Beitrag von thoro » 15.11.2015, 20:39

Endlich ist sie fertig, meine erste richtig selbstgebaute E-Gitarre.

Ich habe sie "Fat Ed" getauft, weil die Korpusform die Music Man Eddie Van Halen Signature zitiert, die Gitarre aber eine kurze Mensur hat und aus Mahagoni mit Ahorndecke ist. Außerdem hat sie einen extra fetten Hals mit einem sehr breiten 16" Radius-Griffbrett. Sie ist also eigentlich eine Les Paul mit Schraubhals und Vibrato-System. Alles, was ich mir immer gewünscht habe, ist hier in einem Instrument vereint. Die Deckel der E-Fächer werden schraubenlos mit Neodym-Magneten gehalten und für die Gurtbefestigung habe ich diesmal gleich auf das Loxx-System gesetzt.

Den Bauthread findet ihr hier.

Die Daten:

Body Mahagoni mit 9mm geflammter Ahorn-Decke, insgesamt 45 mm, Decke nitrolackiert (Iced Tea Burst) / Body geölt (Tru-Oil)
Hals Mahagoni, fettes Profil, breites Palisander-Griffbrett mit 16"-Radius, Bundierung Edelstahl, Knochensattel, geölt (Tru-Oil)
Mensur 62,865 cm / 24,75"
Pickups Tonerider Alnico 2 Classics Zebra
Mechaniken Schaller M6 Pin small Klemm-Mechaniken Nickel
Bridge Schaller 2000 Nickel

Den Entwurf habe ich in der Open Source 3D-Software Blender erstellt, daraus habe ich dann die Schablonen gefertigt. Bei Gelegenheit werde ich hier im Forum mal beschreiben, wie ich in Blender vorgehe und die Ergebnisse dann in 2D übertrage. Es hat sich auf jeden Fall gezeigt, dass ich den 3D-Entwürfen vertrauen kann. Ich habe die M6-Mechaniken und die Schaller 2000-Brücke maßstabgetreu aus den technischen Zeichnungen nachgebaut und konnte somit sehen, dass ich bei aufliegender Brücke keinen Halswinkel brauchte. Auch der Gesamteindruck findet sich im 3D-Entwurf schon sehr gut wieder, für die Decke habe ich ein Foto des echten Holzes verwendet.
Hier die fertige Gitarre. Ich habe sie erst ein paar Stunden gespielt, aber es zeigt sich schon jetzt, dass der Ansatz mit dem fetten Halsprofil und dem breiten Griffbrett voll für mich aufgeht. Durch den vielen Platz und die Edelstahlbünde machen Bendings noch mehr Spaß. Sie klingt in etwa wie meine Bausatz-Les Paul, lässt sich aber ganz anders spielen und durch das Vibrato-System ist sie im meinen Augen noch variabler.

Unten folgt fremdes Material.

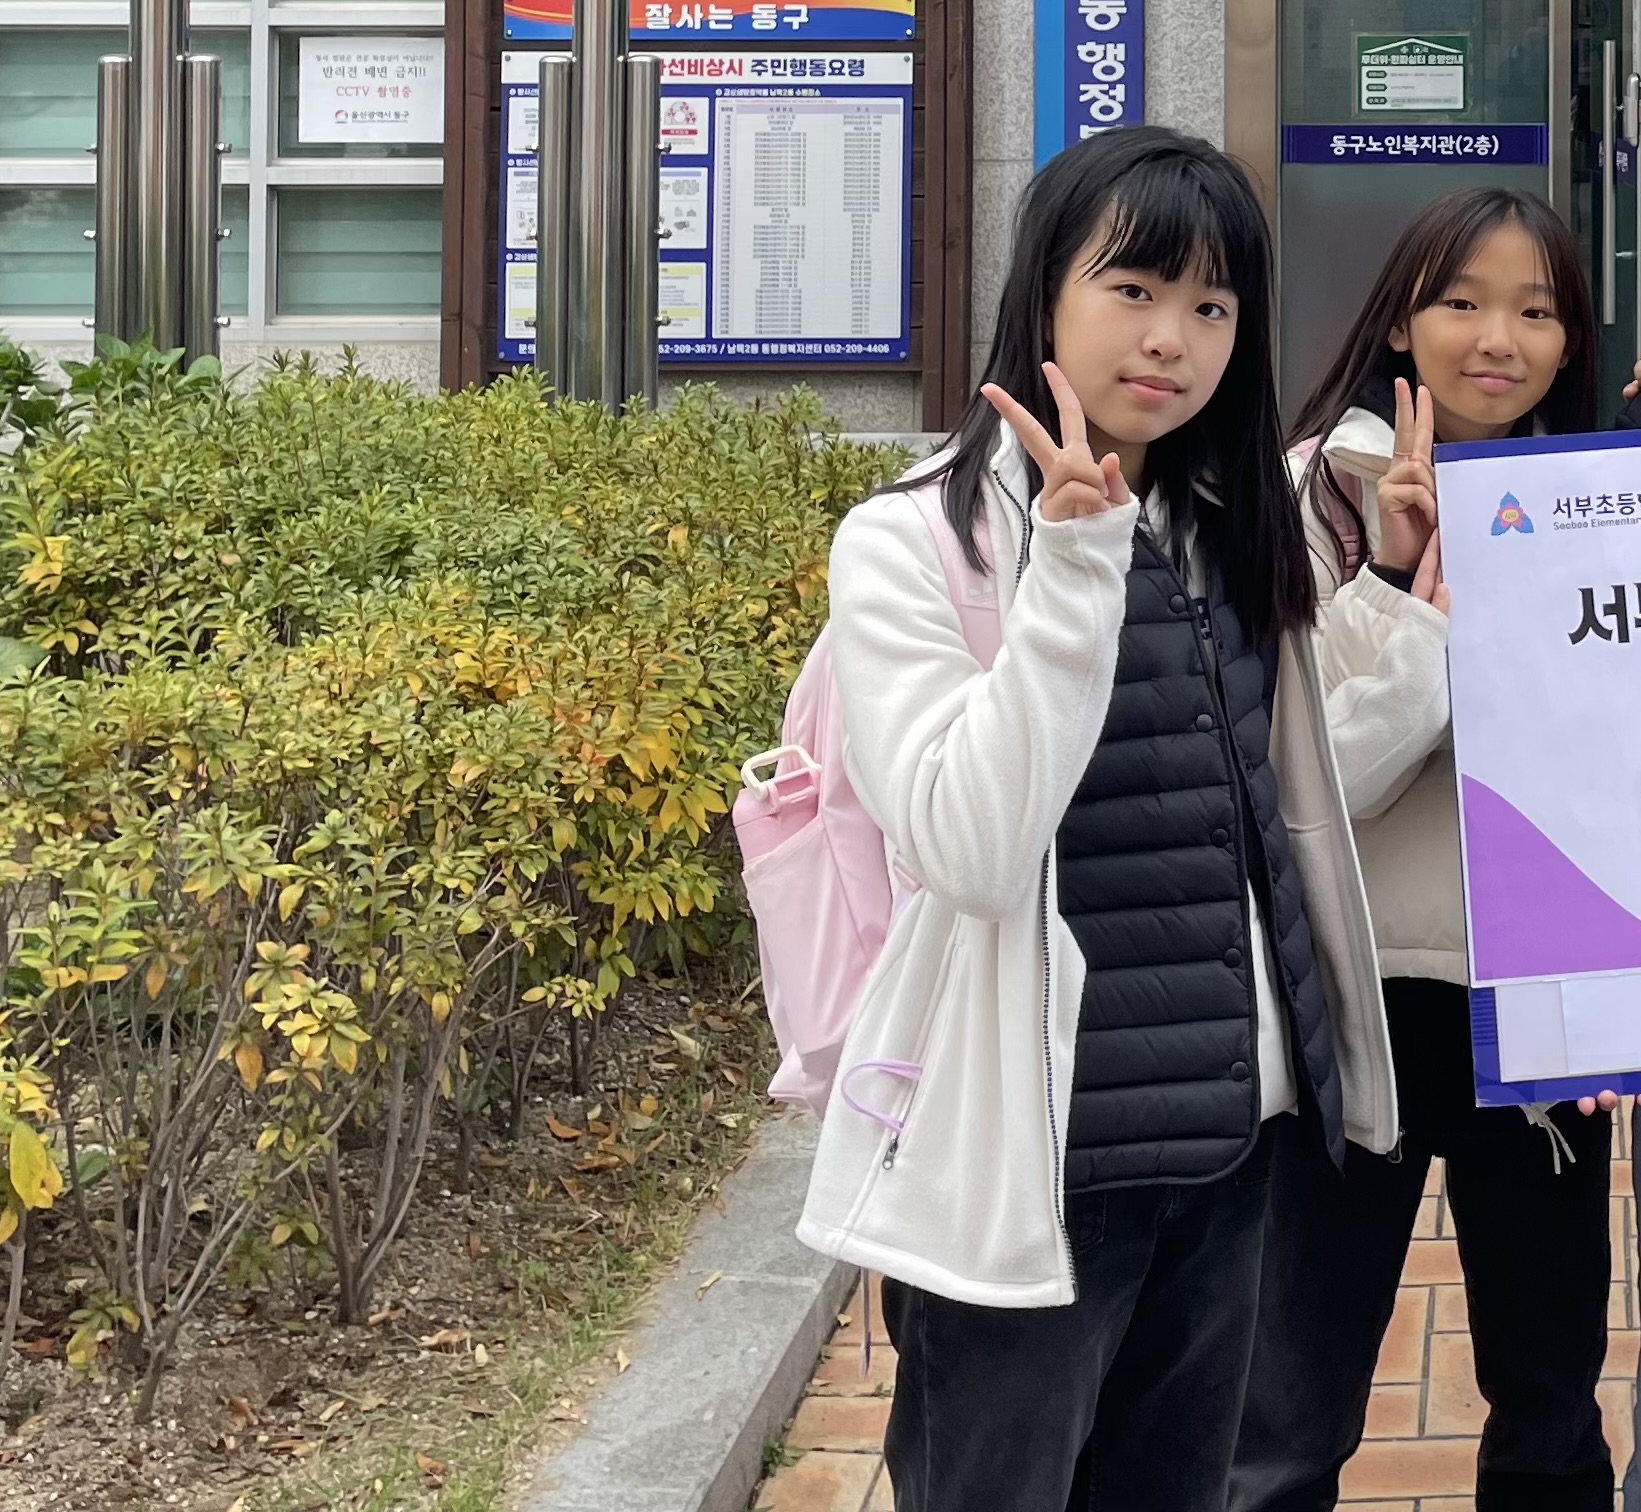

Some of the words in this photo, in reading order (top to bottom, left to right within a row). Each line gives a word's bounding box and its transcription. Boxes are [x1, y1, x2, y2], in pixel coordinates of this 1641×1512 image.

Die Gitarre ist so klein, dass sie durch die kürzere Mensur im Koffer einer Peavey Wolfgang noch richtig Platz hat, obwohl dieser Koffer ja schon sehr kompakt ist. Wenn ich die Zeit finde, werde ich mir noch einen angepassten Mini-Formkoffer bauen.

Herzlichen Dank für alle Anregungen und Tipps – in diesem Forum ist wirklich enormes Fachwissen gebündelt.

Viele Grüße

Thorsten
Update: Formkoffer für die Fat Ed (Bauthread)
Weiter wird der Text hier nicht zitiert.